Uca, Türkiye’nin bu saldırılarla DAİŞ’i tekrardan canlandırmak istediğini de ifade etti.
Küresel güçlerin bölgede zayıf, iradesiz ve pasif bir Kürt yapısı istemesinden dolayı saldırılara sessiz kaldığını ifade eden Uca, “Hedef bölgede 3’üncü yolu savunan örgütlü gücün zayıflamasıdır” dedi.
‘Rojava’ya sessiz kalıyorlar’
Hem İsrail’in Filistin’e yönelik saldırısında yaşanan sivil ölümleri hem de Türkiye’nin Kuzey ve Doğu Suriye’ye yönelik saldırısında yaşanan sivil ölümleri kabul etmediklerini, kınadıklarını belirten Uca, bu saldırıları yapanların aynı zihniyette olduğunu kaydetti. Filistin’de yaşananlara karşı kamuoyundan yükselen tepkilerin Kuzey ve Doğu Suriye’de yaşananlar karşısında da oluşması gerektiğini söyledi. Uca, ‘Rojava için sessiz kalıyorlar. Kürt halkı da olsa Filistin halkı da olsa ses çıkarılmalı. Mazlum halklar arasında ayrım olmamalı. Mazlum halk neredeyse orada olunmalı, onlarla olunmalı. Yaşanan katliamlara karşı olunmalı. Avrupa Konseyi’nde yapılan toplantıda sol partiler bu durumu orada da dile getirdiler. Onlar da bu sessizliğe tepki gösterdi ve eleştirdi” İfadelerini kullandı.
‘Halk bu saldırılara karşı ayağa kalkmalı’

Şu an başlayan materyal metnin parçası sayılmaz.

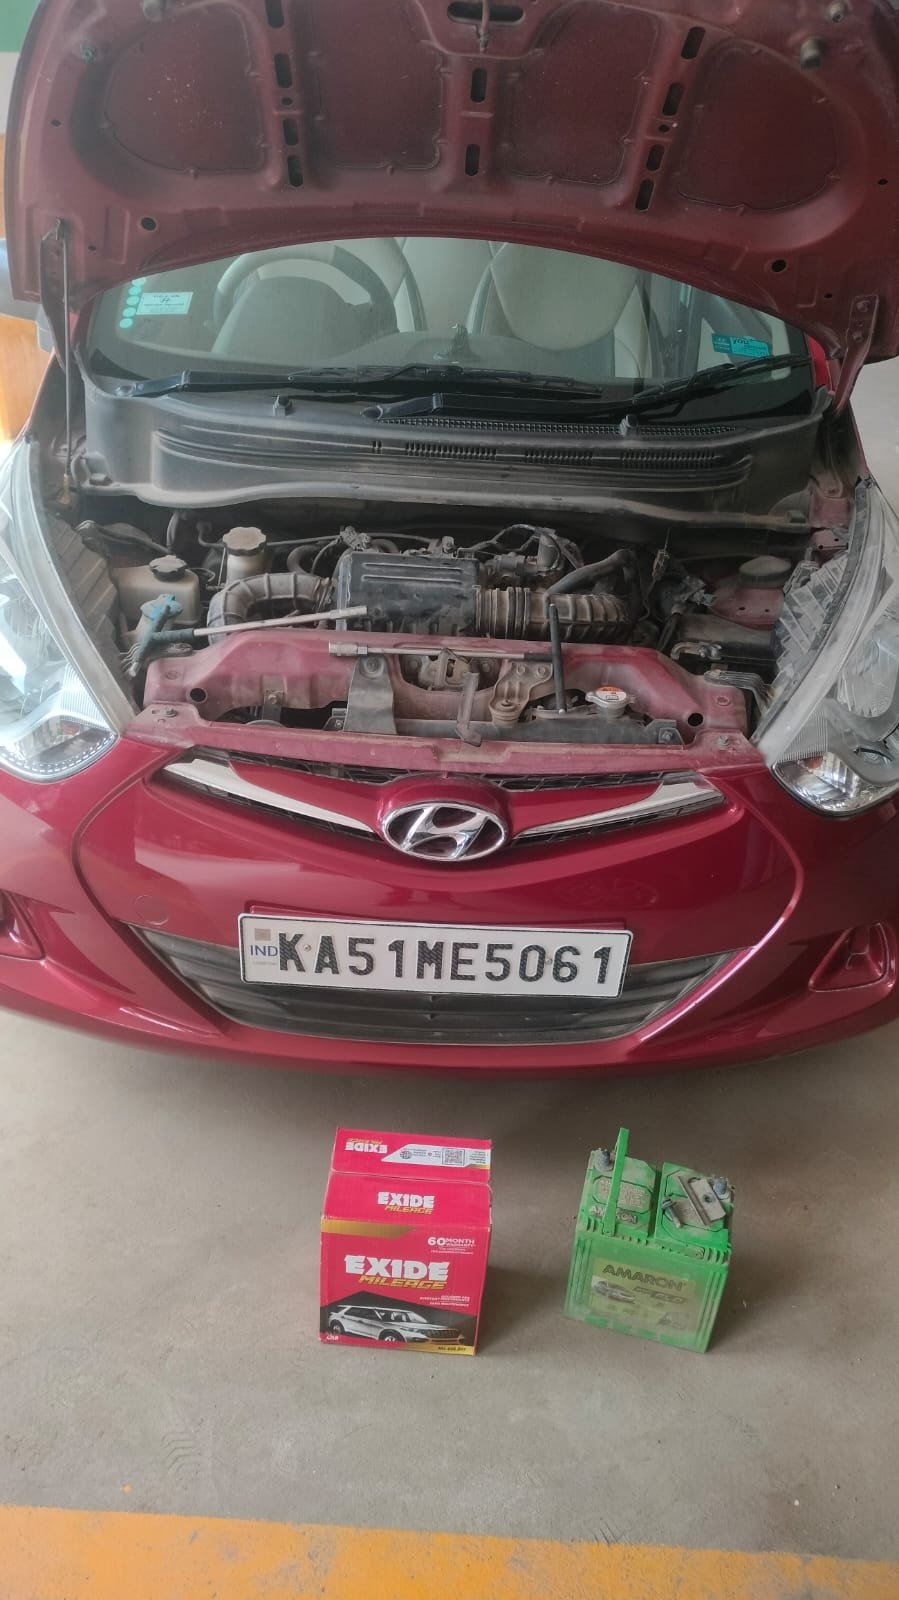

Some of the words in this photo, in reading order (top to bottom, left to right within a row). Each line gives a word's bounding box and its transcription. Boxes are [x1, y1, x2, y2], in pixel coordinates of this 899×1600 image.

[250, 944, 278, 957] IND
[278, 932, 612, 985] KA51ME5061
[344, 1140, 388, 1154] EXIDE
[377, 1191, 436, 1208] EXIDE
[384, 1205, 434, 1215] MILEAGE
[589, 1204, 638, 1224] AMRON
[427, 1236, 446, 1246] 60
[445, 1237, 475, 1245] MONTH
[344, 1254, 450, 1282] EXIDE
[358, 1275, 448, 1290] MILEAGE
[602, 1264, 683, 1291] AMARON

Dünya kamuoyuna Kürt halkına karşı geliştirilen bu saldırı konseptini kınama ve buna izin vermeme çağrısında bulunan Uca, “Herkese Kürt halkının haklı direnişinin ve onların birliğinin tüm bu saldırılardan daha güçlü olduğunu anlatmalıyız, onlara göstermeliyiz. Bu faşizme karşı mücadelemizi yükseltmeliyiz. Halk bu saldırılara karşı ayağa kalkmalı. Başta Kürt halkı ve dostları olmak üzere herkes bu saldırılara karşı tüm dünya ayağa kalkmalı. Diplomasiyi de çok iyi yürütmeliyiz. Yani bugün Rojava’da savaş suçu işleniyor. Bundan dolayı ayağa kalkmalıyız. Kürtler, Kobanê direnişini nasıl ki tüm dünyaya gösterdi, bu direnişle de göstermeli” diye konuştu.